━━ Provided material

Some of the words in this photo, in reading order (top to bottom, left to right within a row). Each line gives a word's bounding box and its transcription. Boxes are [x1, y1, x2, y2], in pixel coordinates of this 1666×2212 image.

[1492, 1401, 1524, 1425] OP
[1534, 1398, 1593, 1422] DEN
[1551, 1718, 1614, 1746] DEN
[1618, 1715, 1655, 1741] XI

━━━━

Exercise description:
Would you retype all of the lines shown above, exactly as given?

Your solution:
Some of the words in this photo, in reading order (top to bottom, left to right within a row). Each line gives a word's bounding box and its transcription. Boxes are [x1, y1, x2, y2], in pixel coordinates of this 1666×2212 image.

[1492, 1401, 1524, 1425] OP
[1534, 1398, 1593, 1422] DEN
[1551, 1718, 1614, 1746] DEN
[1618, 1715, 1655, 1741] XI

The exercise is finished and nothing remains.